Work required:
Please state in a single number how many lines of the entries below include the word "CHOCOLATES".

Material for this exercise:
--
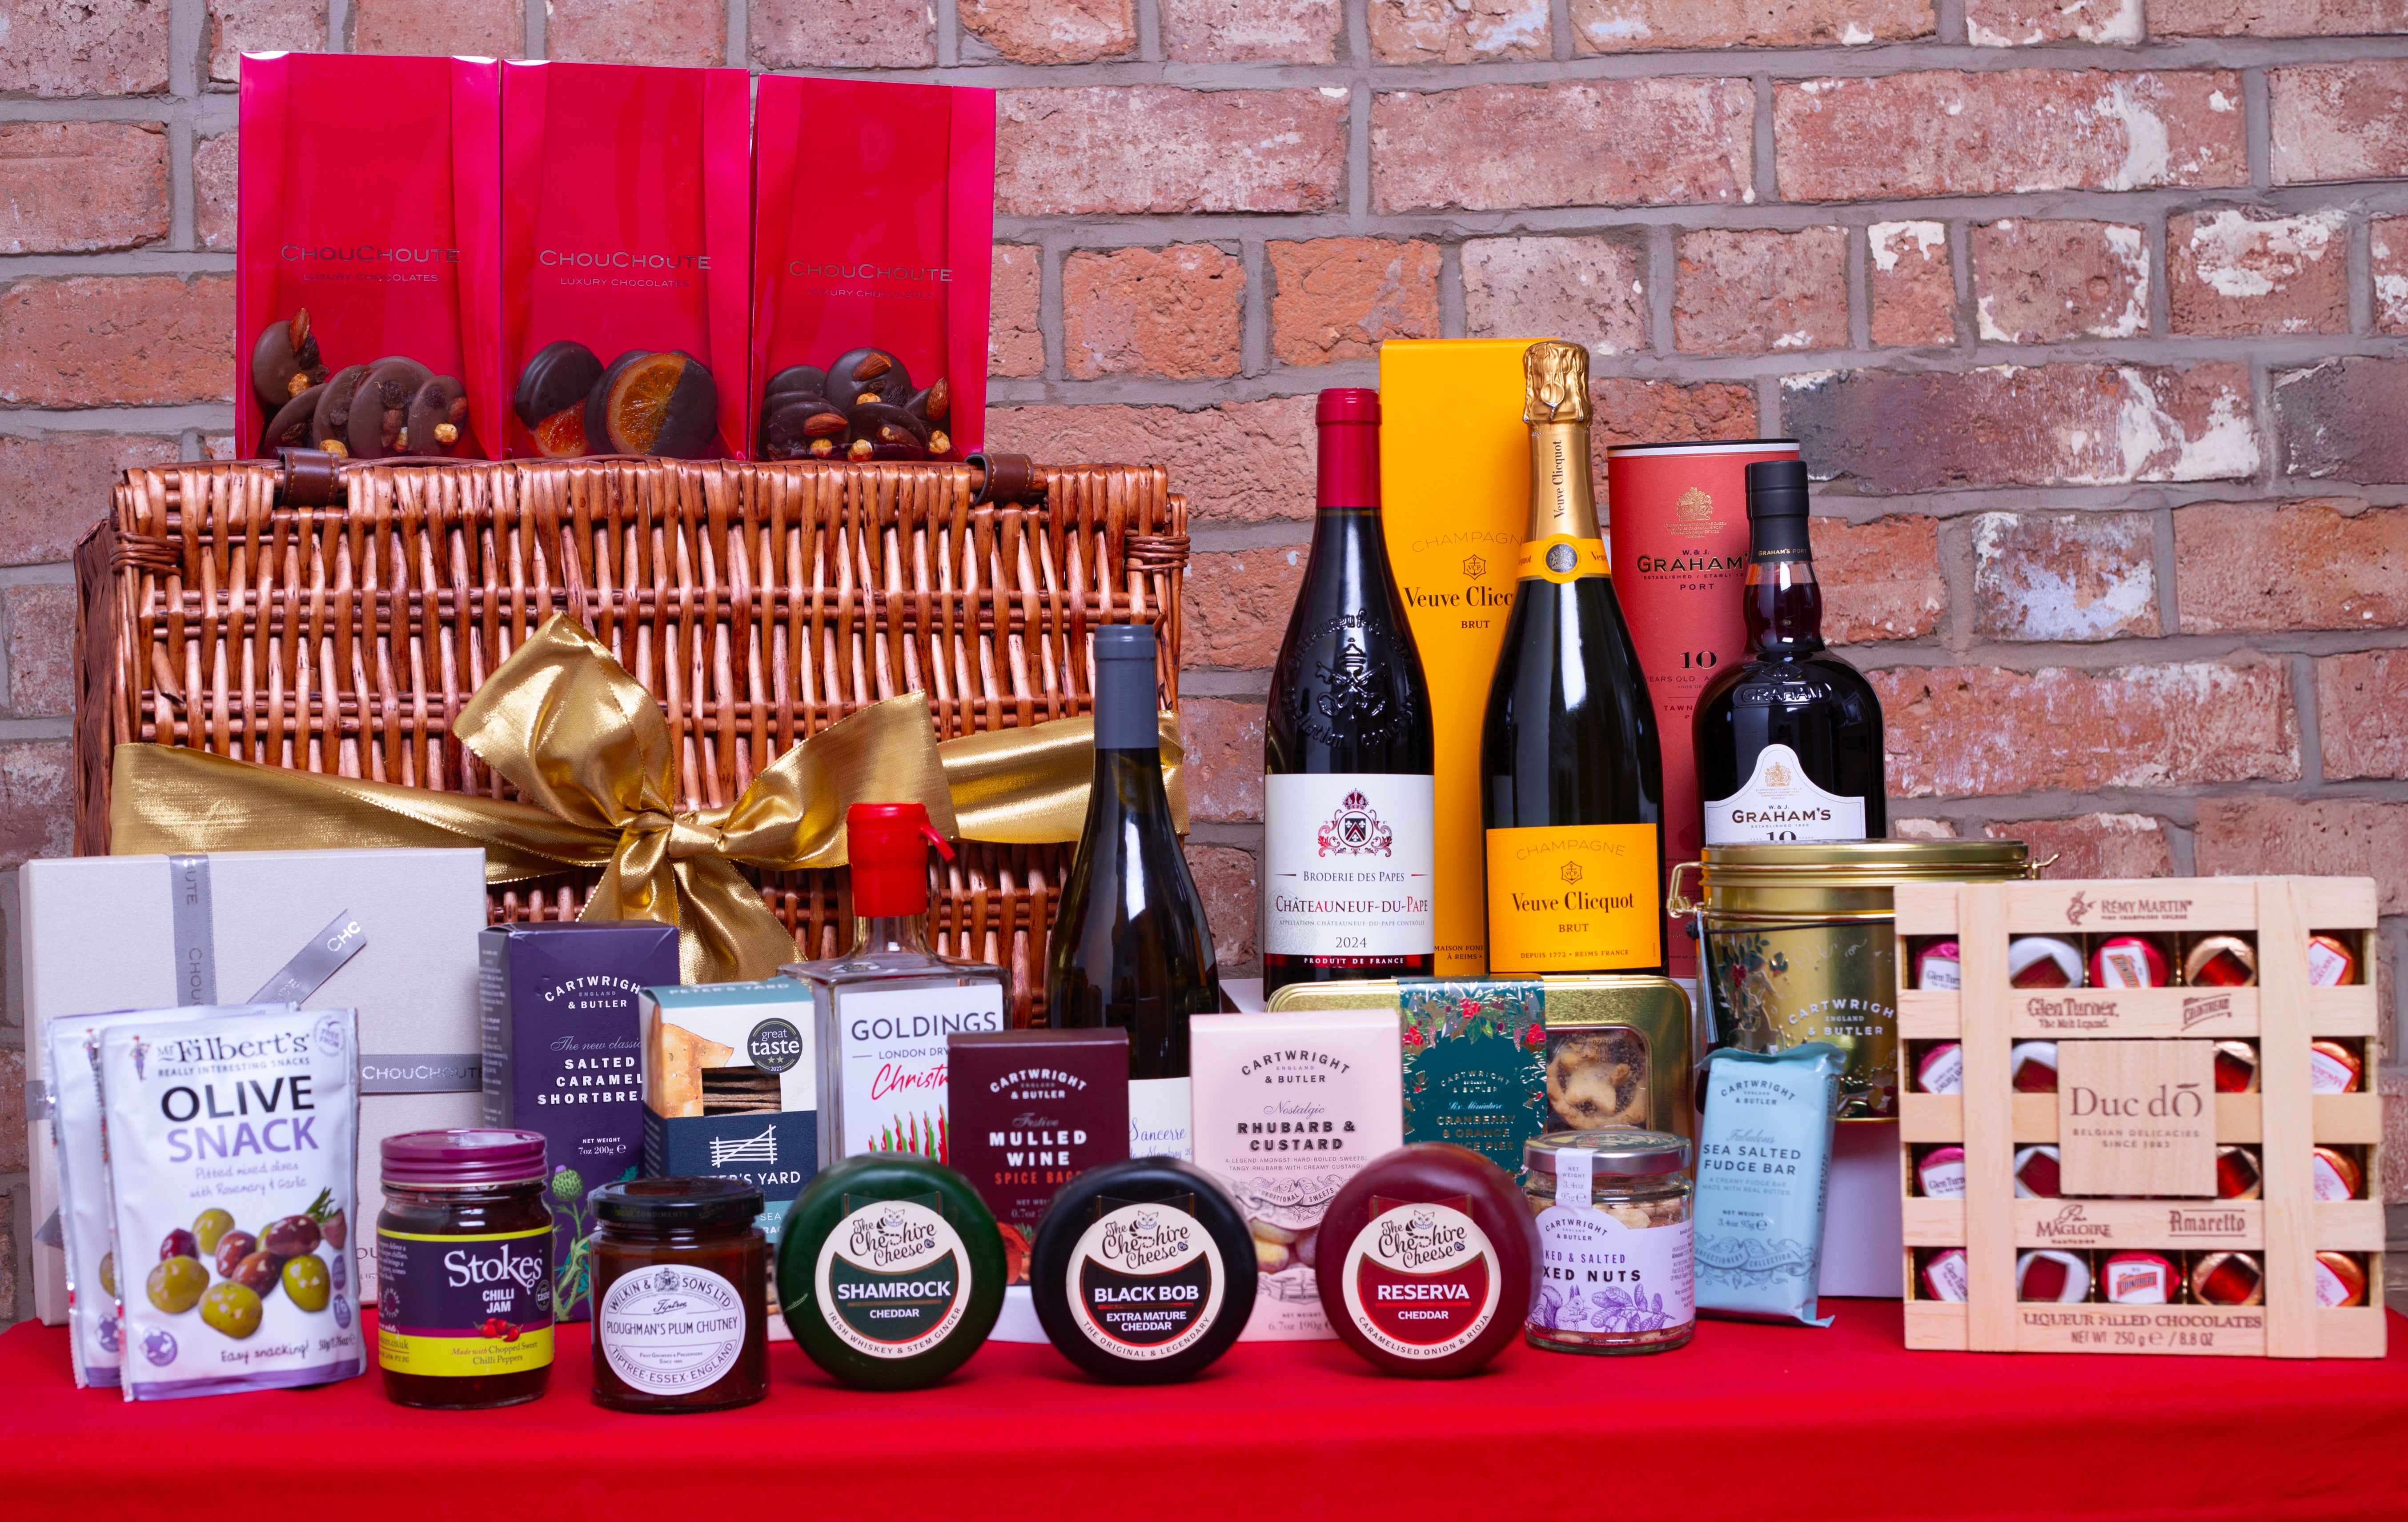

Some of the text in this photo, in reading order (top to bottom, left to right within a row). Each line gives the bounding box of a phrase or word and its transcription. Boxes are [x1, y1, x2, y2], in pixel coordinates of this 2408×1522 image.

[561, 277, 690, 288] LUXURY CHOCOLATES
[807, 288, 932, 300] LUXURY CHOCOLATES
[1552, 439, 1565, 520] Veuve Clicquot
[1412, 531, 1524, 553] CHAMPAGN
[1637, 552, 1749, 573] GRAHAM'
[1403, 585, 1513, 608] Veuve Clic
[1461, 621, 1490, 629] BRUT
[1680, 650, 1718, 670] 10
[1741, 686, 1822, 703] GRAHAM
[1516, 839, 1626, 861] CHAMPAGNE
[1357, 873, 1376, 882] DES
[1511, 891, 1635, 913] Veuve Clicquot
[2101, 899, 2135, 914] RÉMY
[1558, 923, 1589, 933] BRUT
[1335, 937, 1368, 949] 2024
[544, 975, 642, 1002] CARTWRIGH
[581, 999, 627, 1009] BUTLER
[1787, 998, 1896, 1025] CARTWRIGH
[851, 1011, 997, 1041] GOLDINGS
[1824, 1026, 1884, 1036] BUTLER
[761, 1029, 788, 1041] great
[173, 1033, 309, 1065] Filbert's
[750, 1039, 800, 1055] taste
[879, 1049, 926, 1060] LONDON
[157, 1061, 268, 1078] REALLY INTERESTING
[564, 1056, 635, 1070] SALTED
[1241, 1049, 1350, 1076] CARTWRIGHT
[556, 1073, 643, 1088] CARAMEL
[990, 1068, 1088, 1093] CARTWRIGHT
[1278, 1074, 1326, 1083] BUTLER
[1441, 1070, 1510, 1087] CARTWRIGHT
[1022, 1090, 1066, 1099] BUTLER
[1721, 1079, 1796, 1101] CARTWRIGHT
[161, 1075, 315, 1122] OLIVE
[1743, 1097, 1778, 1105] BUTLER
[2070, 1086, 2139, 1117] Duc
[1263, 1101, 1325, 1120] Nostalgic
[1236, 1121, 1333, 1135] RHUBARB
[1436, 1115, 1516, 1125] CRANBERRY
[1130, 1117, 1187, 1142] Sancerre
[1455, 1128, 1510, 1138] ORANGE
[2072, 1128, 2199, 1138] BELGIAN DELICACIES
[166, 1115, 319, 1164] SNACK
[989, 1130, 1088, 1147] MULLED
[1248, 1137, 1343, 1153] CUSTARD
[1486, 1141, 1513, 1151] PIES
[2102, 1141, 2138, 1149] SINCE
[1007, 1151, 1070, 1167] WINE
[1702, 1144, 1802, 1161] SEA SALTED
[1704, 1159, 1797, 1176] FUDGE BAR
[758, 1170, 801, 1186] YARD
[995, 1171, 1038, 1185] SPICE
[1545, 1218, 1608, 1236] CARTWRIGHT
[2036, 1221, 2113, 1238] MAGLOIRE
[2169, 1210, 2246, 1233] Amaretto
[1581, 1254, 1625, 1264] SALTED
[444, 1244, 543, 1296] Stokes
[1587, 1270, 1641, 1282] NUTS
[482, 1288, 514, 1302] CHILLI
[610, 1281, 641, 1311] WILKIN
[682, 1277, 713, 1294] SONS
[714, 1287, 731, 1308] LTD
[837, 1281, 951, 1300] SHAMROCK
[1094, 1285, 1199, 1303] BLACK BOB
[1377, 1284, 1470, 1300] RESERVA
[486, 1301, 511, 1314] JAM
[869, 1308, 920, 1319] CHEDDAR
[1398, 1310, 1449, 1320] CHEDDAR
[1106, 1311, 1187, 1322] EXTRA MATURE
[2023, 1313, 2262, 1329] LIQUEUR FILLED CHOCOLATES
[606, 1316, 738, 1335] PLOUGHMAN'S PLUM CHUTNEY
[828, 1306, 962, 1354] IRISH WHISKEY STEM GINGER
[1121, 1322, 1172, 1332] CHEDDAR
[1100, 1316, 1211, 1358] ORIGINAL LEGENDARY
[1358, 1314, 1489, 1356] CARAMELISED ONION RIOJA
[2071, 1332, 2214, 1346] NET WT 250 8.8 OZ
[488, 1342, 520, 1354] Chopped
[221, 1350, 249, 1365] Easy
[497, 1354, 523, 1365] Peppers
[612, 1342, 734, 1383] TIPTREE ESSEX ENGLAND
--
Response to the exercise:
3